On November 30, 2022, Open AI released its chatbot ChatGPT . Many users were immediately thrilled because of the bot’s unprecedented quality, some firms saw strategic opportunities: on January 23, 2023, Microsoft announced a deepening of their partnership with OpenAI, ChatGPT’s developer  and confirmed a U$10bn investment soon after .
While the chatbot has many (potential) applications, an obvious one is to use it in search engines, in order to improve the quality of search results. Alphabet, the owner of the leading search engine, Google, had the same thought: they reacted on February 6 by announcing Bard, “a conversational AI similar to ChatGPT” . Microsoft reacted immediately and confirmed on February 7 that they are actually planning to add ChatGPT’s functionality to their own search engine, Bing .
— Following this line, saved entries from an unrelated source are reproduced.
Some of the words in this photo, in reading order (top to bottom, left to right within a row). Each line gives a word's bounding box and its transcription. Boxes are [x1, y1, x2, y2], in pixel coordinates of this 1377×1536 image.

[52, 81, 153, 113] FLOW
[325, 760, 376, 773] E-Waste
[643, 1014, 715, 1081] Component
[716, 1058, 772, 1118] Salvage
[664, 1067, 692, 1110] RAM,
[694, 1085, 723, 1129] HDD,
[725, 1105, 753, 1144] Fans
So much for the empirics until today. Naturally, many companies, investors, decision makers in politics and society, and a zillion users are asking themselves what will happen now . The scene looks like a clash of titans. But is it really?
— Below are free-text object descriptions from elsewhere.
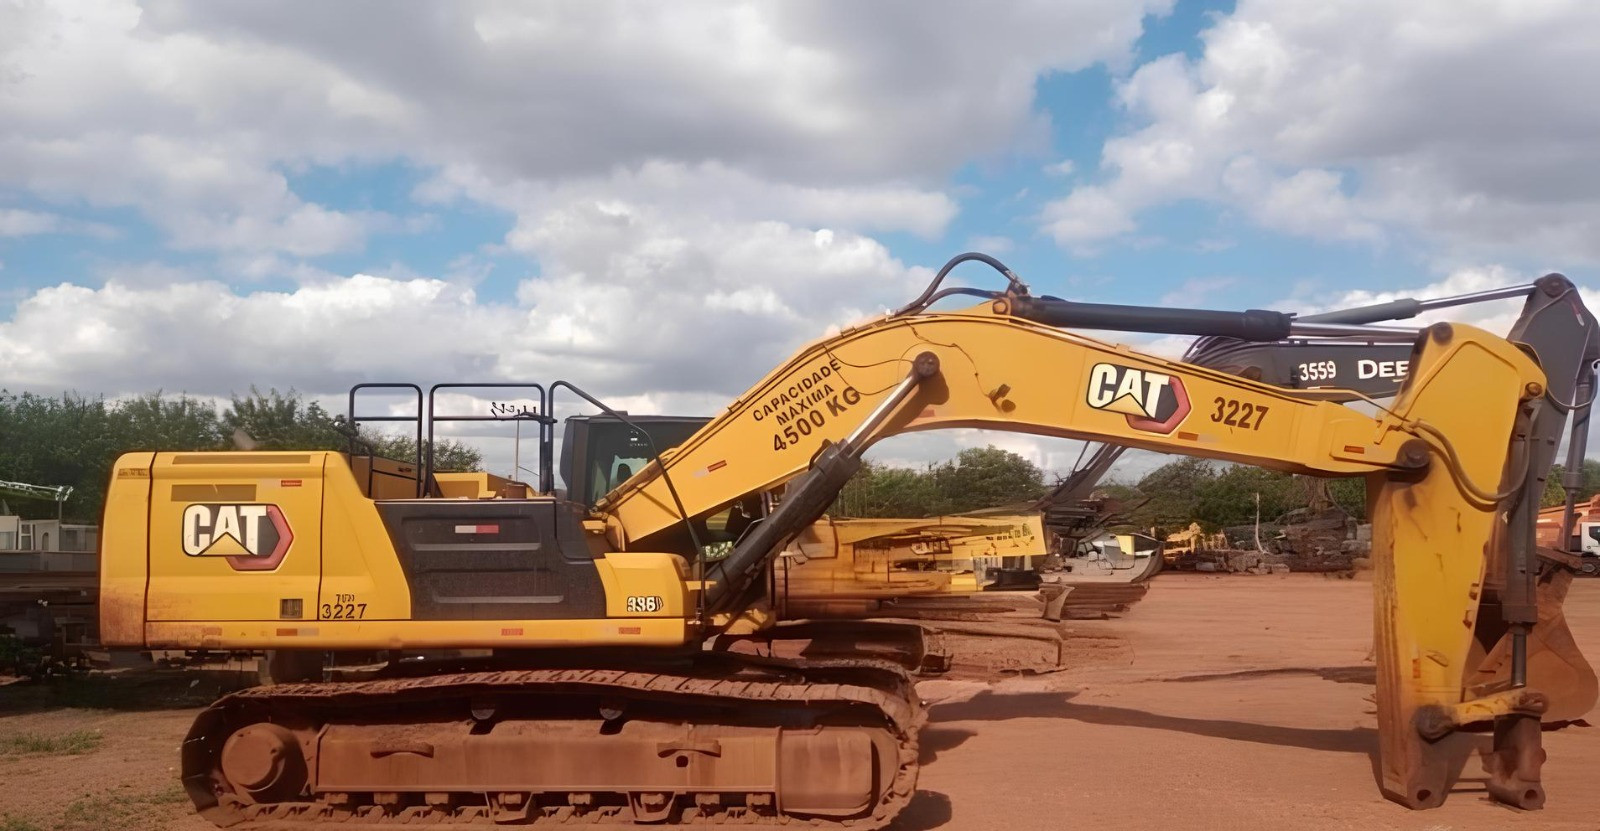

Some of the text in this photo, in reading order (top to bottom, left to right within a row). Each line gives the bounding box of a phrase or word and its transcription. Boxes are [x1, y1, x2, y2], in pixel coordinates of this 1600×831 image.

[753, 359, 842, 421] CAPACIDADE
[1087, 363, 1171, 419] CAT
[1298, 359, 1410, 381] 3559 DEE
[774, 386, 861, 451] 4500 KG
[1210, 396, 1270, 431] 3227
[183, 503, 267, 556] CAT
[322, 603, 368, 619] 3227
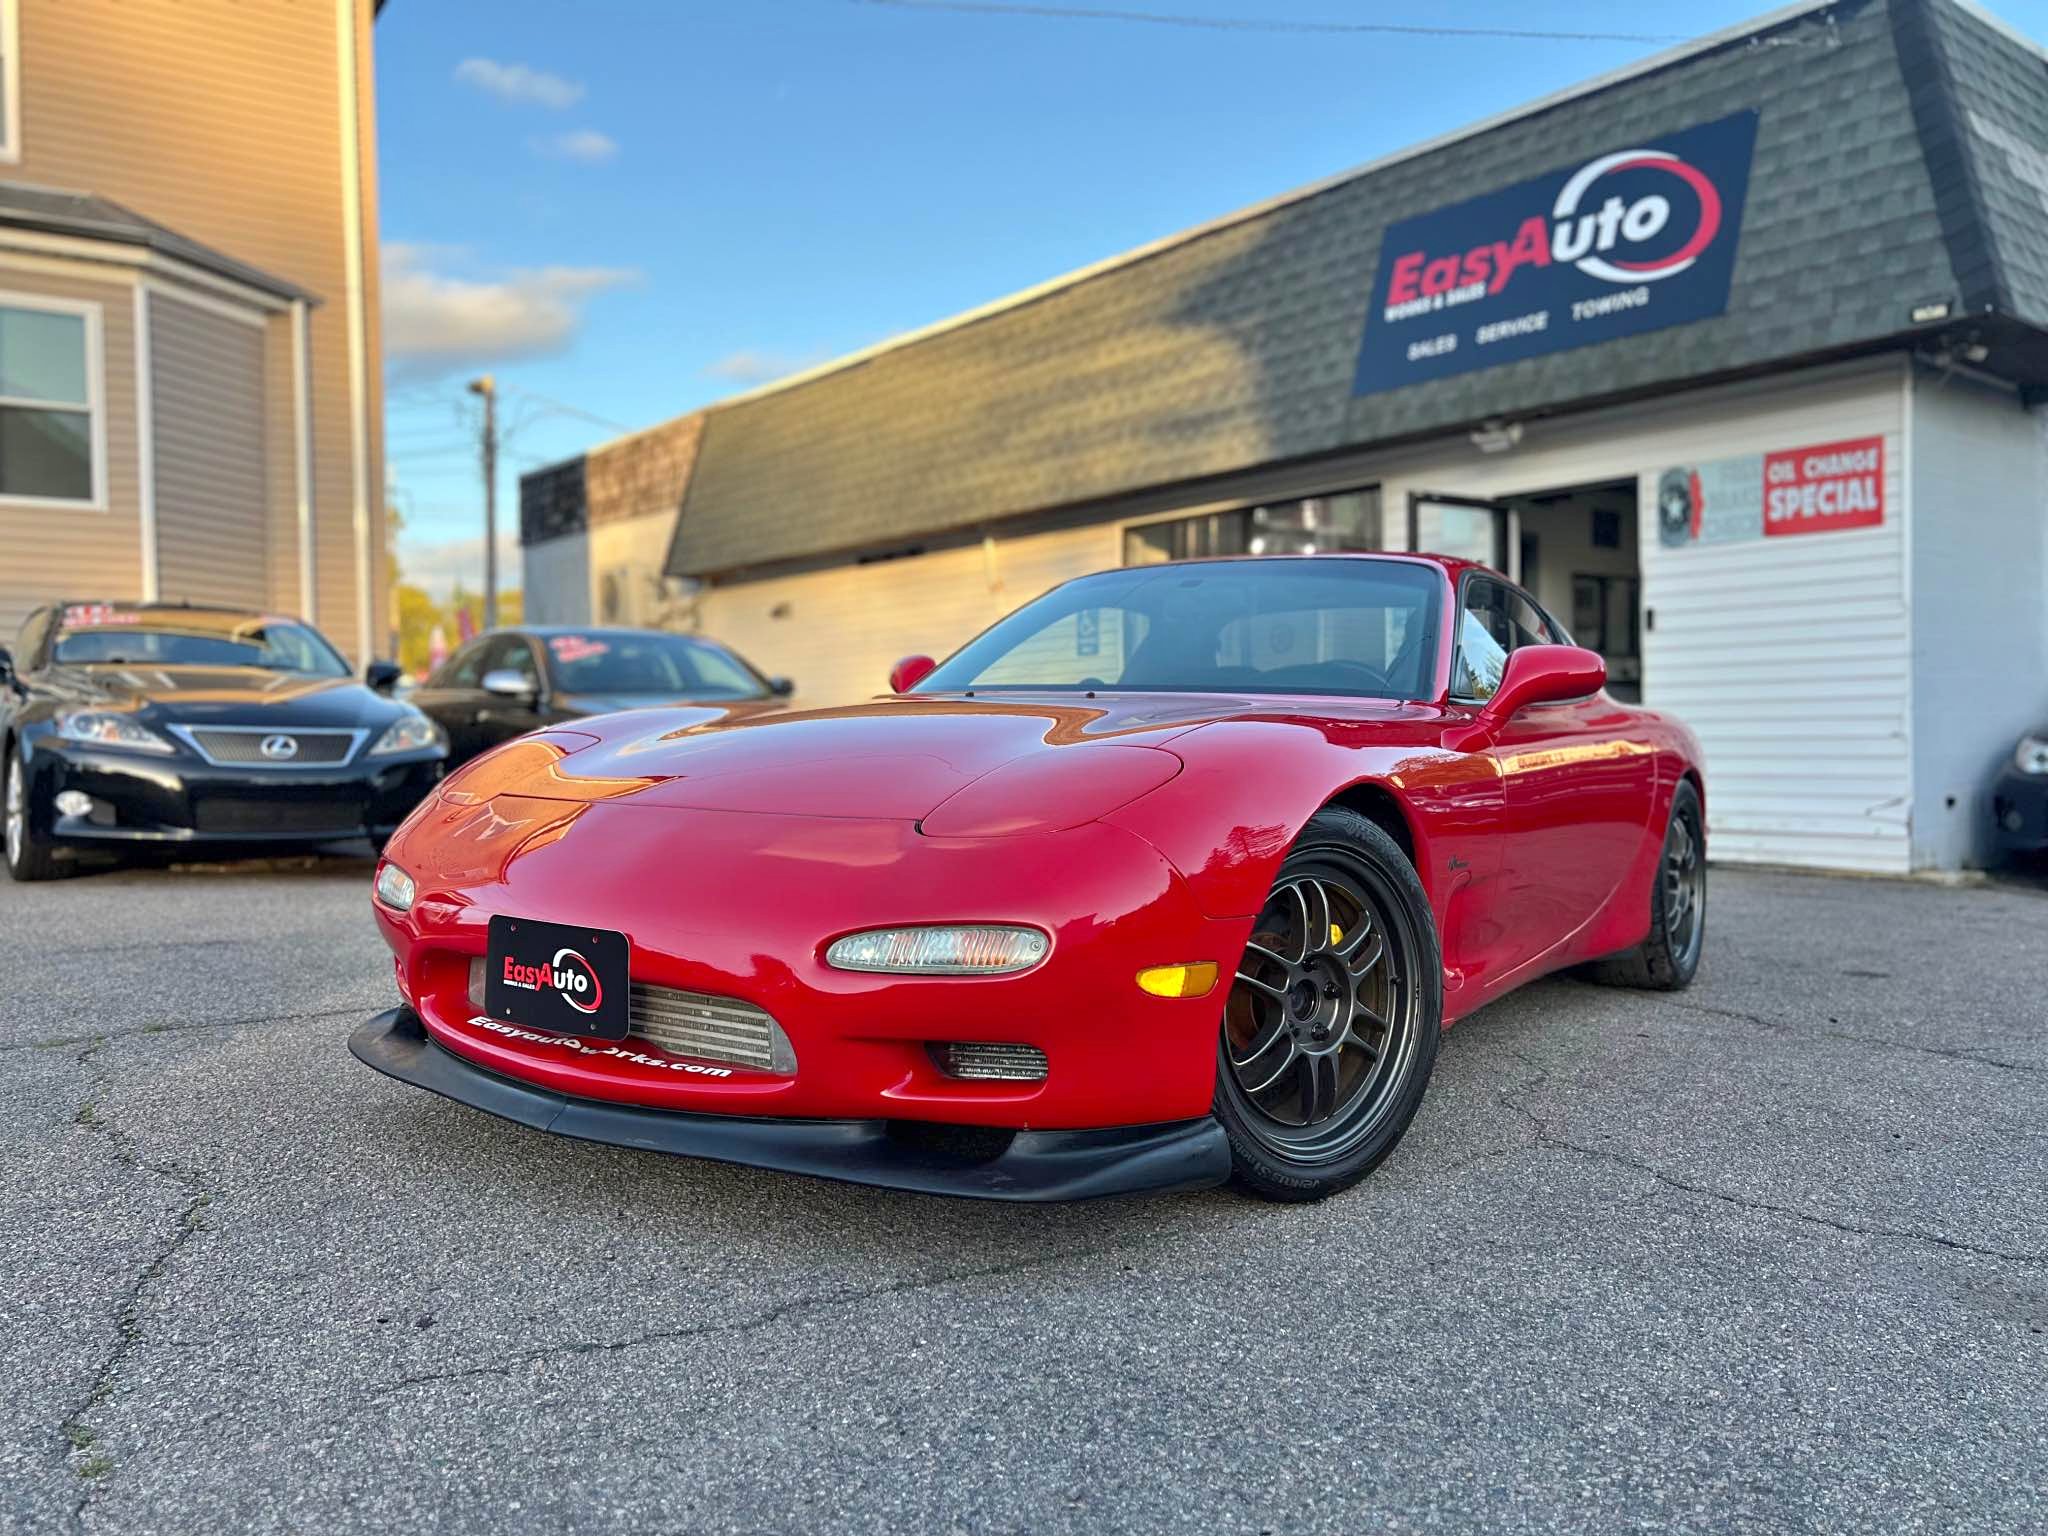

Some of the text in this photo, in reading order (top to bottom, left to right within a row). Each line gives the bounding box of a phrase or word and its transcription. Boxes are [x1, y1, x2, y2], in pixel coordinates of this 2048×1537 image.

[1407, 286, 1649, 361] SALES SERVICE TOWING
[1768, 447, 1877, 484] OIL CHANGE
[1769, 476, 1878, 522] SPECIAL
[503, 956, 588, 993] EasyAuto
While I cannot comment on the many other battlefields the two chatbots will compete on, for the (economically and societally highly relevant) search engine market (and related “data-driven markets”) we have a scientific theory, at least. The idea and mechanism of “Competing with Big Data” (joint work with Christoph Schottmueller) is described in earlier blog posts and was published as an academic journal article in 2021.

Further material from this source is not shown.